ELEN E4835, Spring 2013
Intro. to Adaptive Signal Representations:
    Learning and Optimization for Signal Processing
Mondays and Wednesdays 10:10-11:25 AM
Mudd 834

Instructor:
Prof. John Wright
Email: johnwright@ee.columbia.edu
Office: 716 CEPSR
Office hours: Thursdays 10-11 AM
                      (or by appointment)

Teaching assistant:
Xiao-Ming Wu
Email:  
Office: 
Office hours: TBA
             
                   
The goal of this course is to introduce students to tools from numerical optimization and statistical learning that are useful for intelligently processing signals such as images, videos, audio and more. The course will be taught at at the level of an advanced undergraduate or master's student, with an emphasis on problem formulation.

Readings and Lecture Notes:

        Lecture 1 - January 23 -- What is it all about?
                Course introduction, examples, review of linear algebra
                HW0 released, due January 30 (just a survey!)

                Lecture 1 notes are available on CourseWorks.

         Lecture 2 - January 28 -- More linear algebra review, eigenvectors of symmetric matrices
                We reviewed linear transformations, matrices, systems of equations
                We showed that symmetric matrices have real eigenvalues and a corresponding orthonormal basis of eigenvectors.

                Some fun reading on PageRank and related topics: The $25,000,000,000 Eigenvector: The Linear Algebra Behind Google

         Lecture 3 - January 30 -- The singular value decomposition
                The material from Lectures 2-3 can also be found in the Lecture 1 notes on CourseWorks.

        Lecture 4 - February 4 -- Optimality and Computation of SVD, examples

                Turk and Pentland, Eigenfaces for Recognition
                Basri and Jacobs, Lambertian Reflectance and Linear Subspaces

                Deerwester, Dumais, Furnas, Landauer, Harshman, Indexing by Latent Semantic Analysis
                Hofmann, Probabilistic Latent Semantic Analysis

        Lecture 5 - February 6 -- More SVD examples, nonlinear extensions
                
       


Homework:

        Homework 0 - due January 30 in class [pdf] [tex]
                A quick survey to help us learn more about your background and goals for the course.
                If you had trouble downloading the file, you can turn this in February 4, or email it to me.

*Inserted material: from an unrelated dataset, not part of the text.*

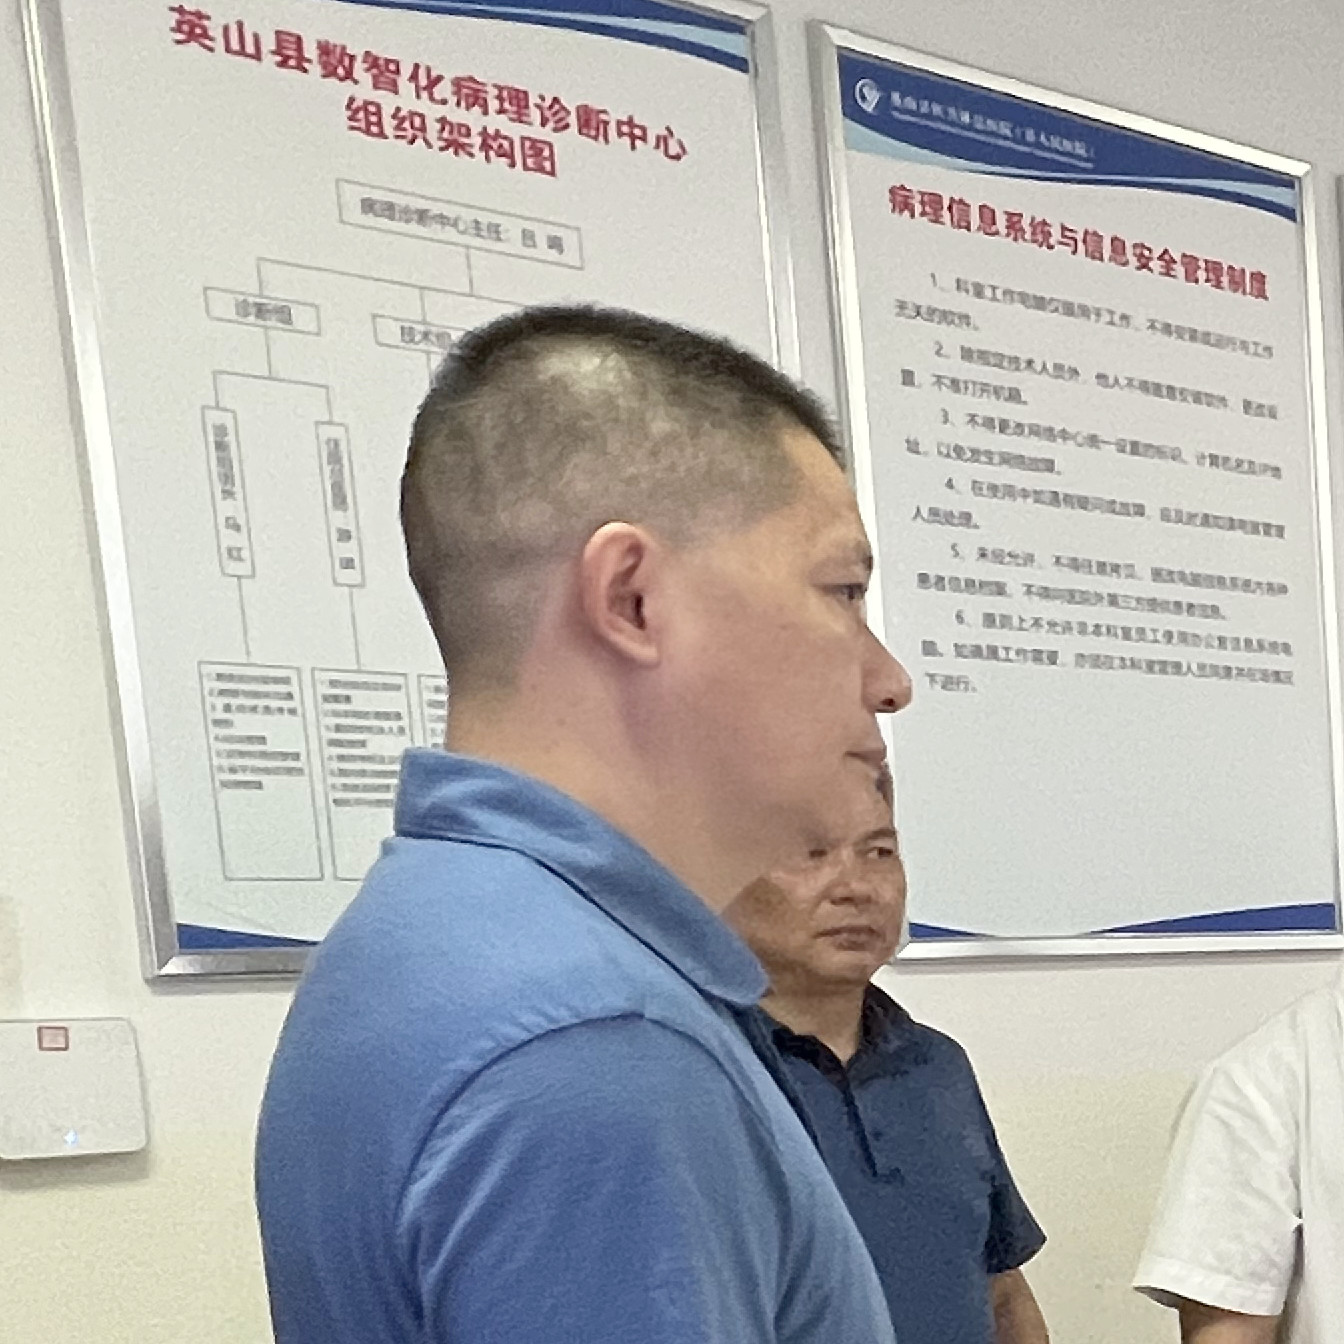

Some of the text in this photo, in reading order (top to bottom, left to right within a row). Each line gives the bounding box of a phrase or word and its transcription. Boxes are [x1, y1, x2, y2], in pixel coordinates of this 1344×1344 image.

[168, 5, 688, 162] 英山县数智化病理诊断中心
[345, 95, 557, 178] 组织架构图
[889, 184, 1269, 300] 病理信息系统与信息安全管理制度

        Homework 1 - due February 25, available on CourseWorks


Administrative information:

Prerequisites: Past courses on linear algebra (essential) and probability (desirable). Having already taken signals and systems would be preferable. The course is aimed at undergraduates and MS students. PhD students working in other areas are also welcome. If you're uncertain whether to take the class, please talk to me. 

Texts: There are no required texts. The instructor's lecture notes will be provided on CourseWorks.
    Students will be encouraged to augment their reading with material from:
        Boyd + Vandenberghe, Convex Optimization. (Cambridge)
        Hastie + Tibshirani + Freedman, The Elements of Statistical Learning. (Springer)

Required work: there will be homework, a midterm exam (date TBA) and a final project. 

Homework: a mix of analytical work and Matlab experiments.

Midterm: will be mostly analytical. I will provide a list of topics and some example questions closer to the time.

Course project: students will complete independent course projects. Have fun and be creative in formulating your project! Virtually any idea is ok, as long as it is relevant to the course material and well-executed. A great course project might involve an application of the tools learned in the course to a new real-life problem, or a deeper study of some aspect of the course material. If you have questions or potential topic ideas, please come to office hours. I will be happy to discuss with you. Most of the assigned homework will be given during the first 3/4 of the semester to allow ample time for the final project.

Grade breakdown (subject to minor changes):
 Homework 35%
 Midterm exam 25%
 Final project 30%
 Class participation 10%

Do your own work! CU School of Engineering FAQ on Academic Integrity. Discussing assignments with other students is permissible, but work out the answers on your own. Copying work is impermissible, and will be dealt with harshly if detected.